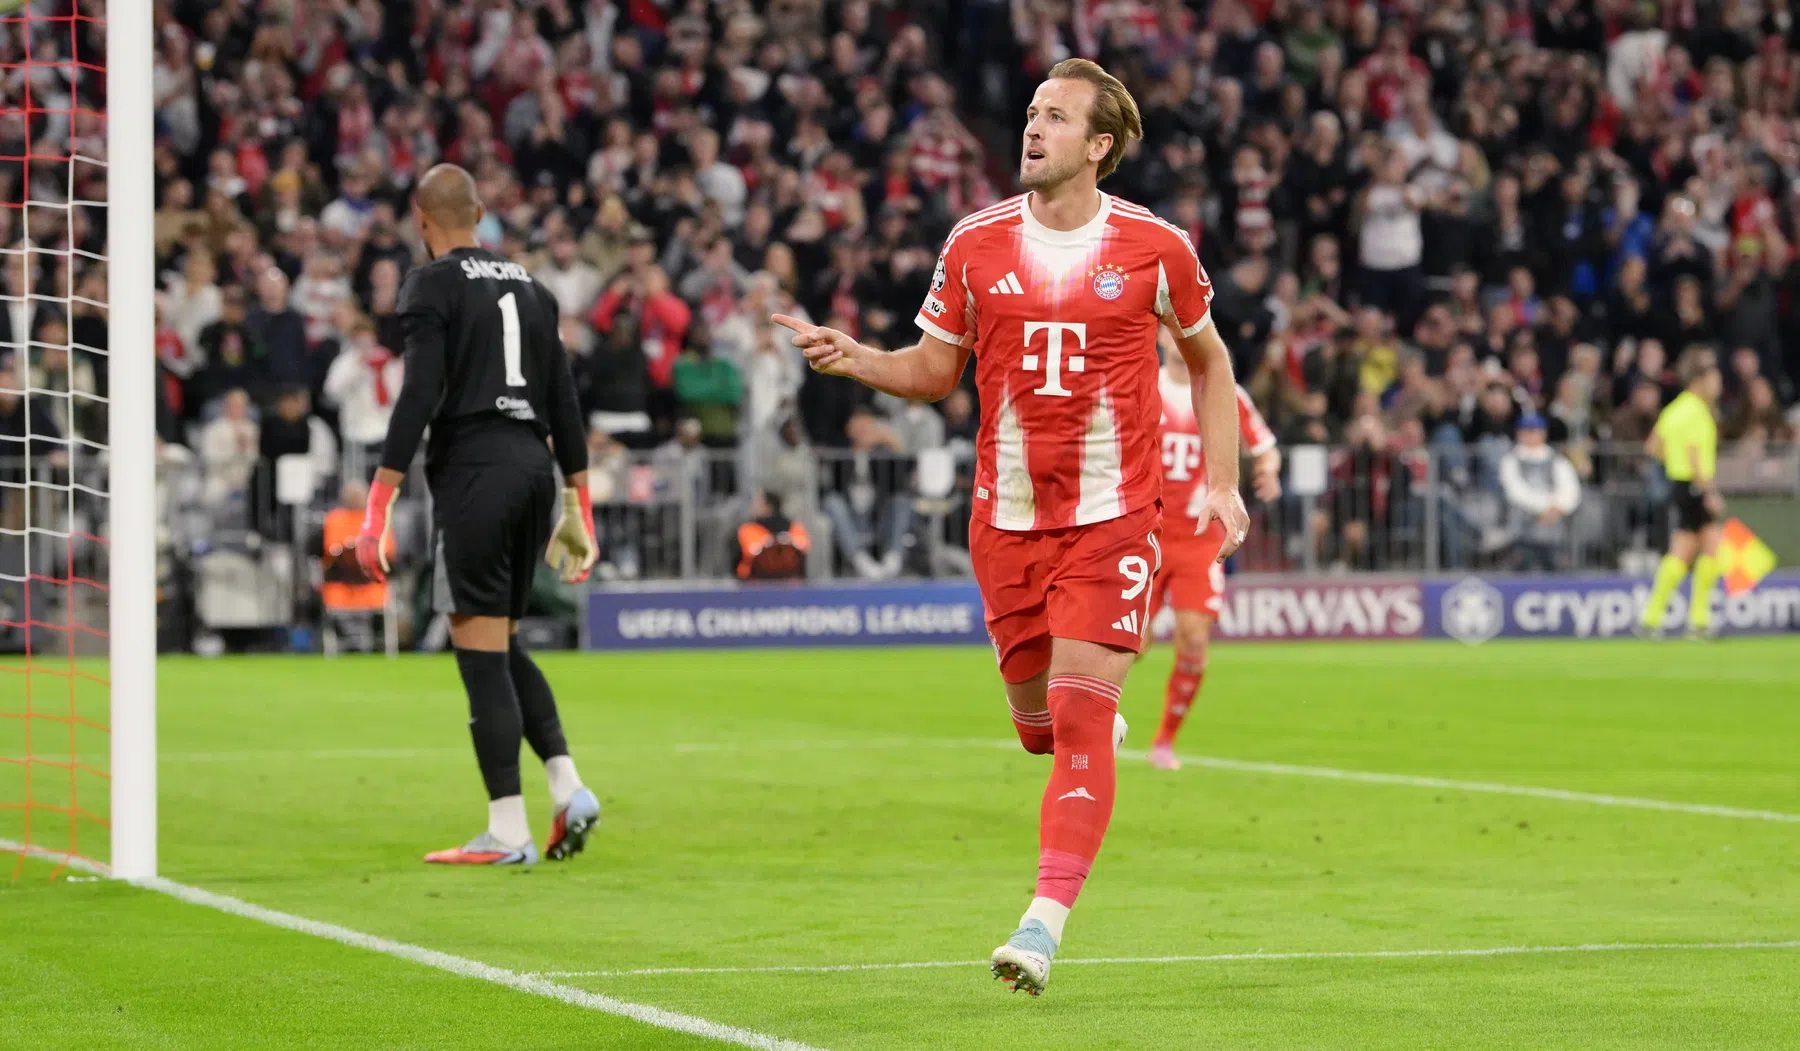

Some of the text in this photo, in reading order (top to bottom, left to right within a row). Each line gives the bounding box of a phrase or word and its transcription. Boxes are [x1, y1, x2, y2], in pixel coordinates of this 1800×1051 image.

[498, 292, 527, 387] 1
[1022, 321, 1087, 397] T
[1161, 432, 1201, 482] T
[1118, 555, 1149, 600] 9
[617, 603, 973, 639] UEFA CHAMPIONS LEAGUE
◇ ◇ ◇ ◇ ◇
### INSTRUCTIONS TO FOLLOW
The material above is to be output exactly, with each picture left out.

### ANSWER TO THIS TASK
Some of the text in this photo, in reading order (top to bottom, left to right within a row). Each line gives the bounding box of a phrase or word and its transcription. Boxes are [x1, y1, x2, y2], in pixel coordinates of this 1800×1051 image.

[498, 292, 527, 387] 1
[1022, 321, 1087, 397] T
[1161, 432, 1201, 482] T
[1118, 555, 1149, 600] 9
[617, 603, 973, 639] UEFA CHAMPIONS LEAGUE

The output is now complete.